DETAILED DESCRIPTION OF THE INVENTION
Hereinafter, an embodiment of an electromagnetic contactor having an abrasion preventing means according to the present invention will be described in detail with reference to the accompanying drawings.
Referring to FIG. 1, an embodiment of an electromagnetic contactor according to the present invention is illustrated. The electromagnetic contactor include a lower frame 10, an upper frame 20 covering an upper portion of the lower frame 10, and a cross bar 30 slidably provided in a vertical direction of the upper frame within a predetermined range inside the upper frame.

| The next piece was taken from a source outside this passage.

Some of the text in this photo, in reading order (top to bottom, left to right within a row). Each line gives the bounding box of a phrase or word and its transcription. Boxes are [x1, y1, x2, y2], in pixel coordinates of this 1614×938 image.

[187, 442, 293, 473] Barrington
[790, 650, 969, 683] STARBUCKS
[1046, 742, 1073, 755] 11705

Furthermore, a fixed contact point 22 for opening or closing the circuit is provided inside the upper frame 20, and a movable contact point 32 is disposed in a state of being fixed to the cross bar 30 at a position facing the fixed contact point 22. A return spring 34 is provided at a rear surface of the cross bar 30, thereby exerting an elastic force for returning the cross bar 30 to an original position when the cross bar 30 is retreated out of a predetermined range.

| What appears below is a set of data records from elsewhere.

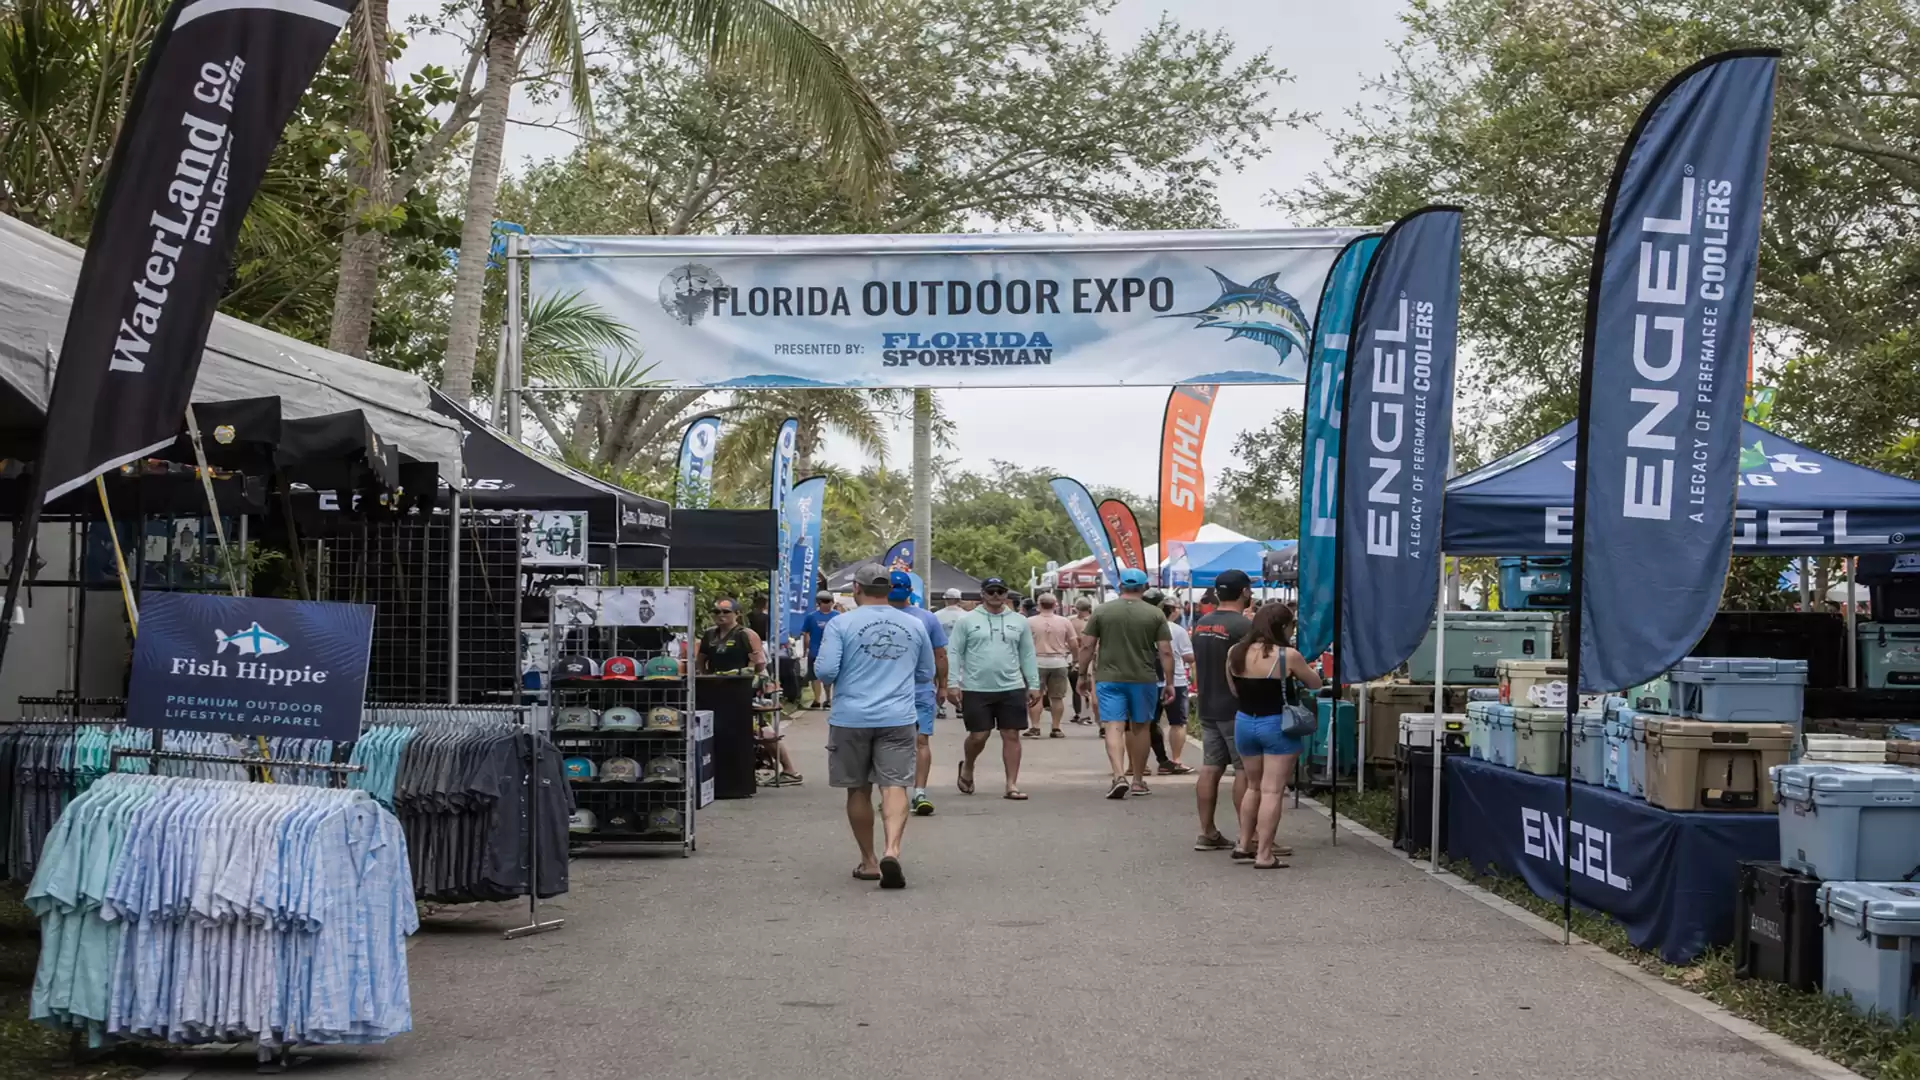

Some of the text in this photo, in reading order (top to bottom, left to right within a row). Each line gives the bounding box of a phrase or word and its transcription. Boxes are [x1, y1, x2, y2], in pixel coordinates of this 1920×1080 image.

[108, 111, 227, 374] WaterLand
[1701, 178, 1732, 301] COOLERS
[712, 276, 1175, 317] FLORIDA OUTDOOR EXPO
[774, 343, 865, 356] PRESENTED BY:
[882, 331, 1053, 349] FLORIDA
[1413, 300, 1434, 393] COOLERS
[1623, 176, 1695, 521] ENGEL
[882, 348, 1053, 368] SPORTSMAN
[1366, 298, 1408, 558] ENGEL
[1696, 409, 1711, 432] OF
[1170, 414, 1202, 513] STIHL
[1690, 440, 1709, 505] LEGACY
[1413, 474, 1425, 492] OF
[1410, 496, 1424, 546] LEGACY
[1688, 512, 1704, 523] A
[1409, 549, 1420, 559] A
[170, 657, 328, 687] Fish Hippie
[165, 708, 321, 728] LIFESTYLE APPAREL
[166, 695, 323, 714] PREMIUM OUTDOOR
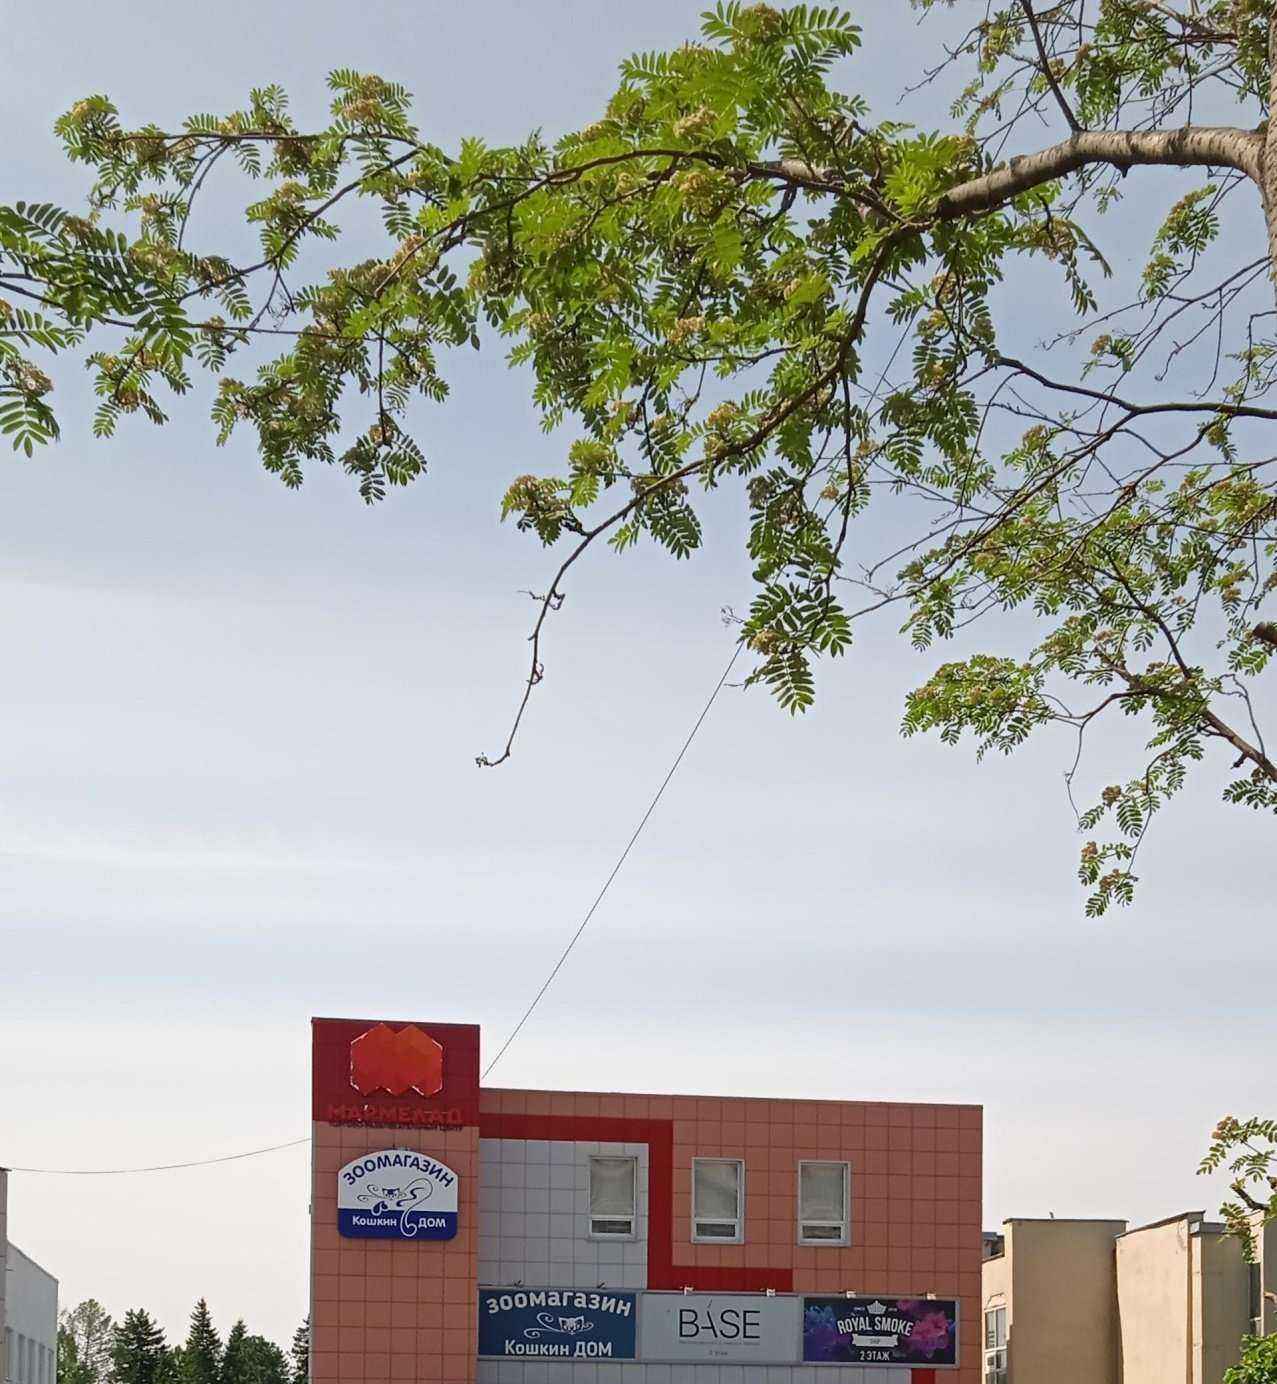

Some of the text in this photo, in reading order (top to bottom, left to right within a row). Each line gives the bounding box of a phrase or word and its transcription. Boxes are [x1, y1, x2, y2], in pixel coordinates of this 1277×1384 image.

[343, 1154, 454, 1187] ЗООМАГАЗИН
[352, 1215, 397, 1226] Кошкин
[837, 1316, 914, 1337] ROYAL SMOKE
[504, 1340, 612, 1358] Кошкин ДОМ
[860, 1351, 866, 1361] 2
[868, 1351, 890, 1361] ЭТАЖ

On the other hand, a fixed core 12 and an excitation core 14 for magnetizing the fixed core 12 are provided within the lower frame 10. Furthermore, a movable core 36 is disposed in a state of being fixed to the cross bar 30 at a position facing the fixed core 12. For the electromagnetic contactor, an external electromotive force is applied to the excitation core 14, and it magnetizes the fixed core 12. The magnetic force of the magnetized fixed core 12 pulls the movable core 36 to a side of the fixed core 12, and due to this the cross bar 30 is slidably moved to the right side of FIG. 1 while contracting the return spring 34, thereby the movable contact point 32 adjoining the fixed contact point 22 to connect the circuit.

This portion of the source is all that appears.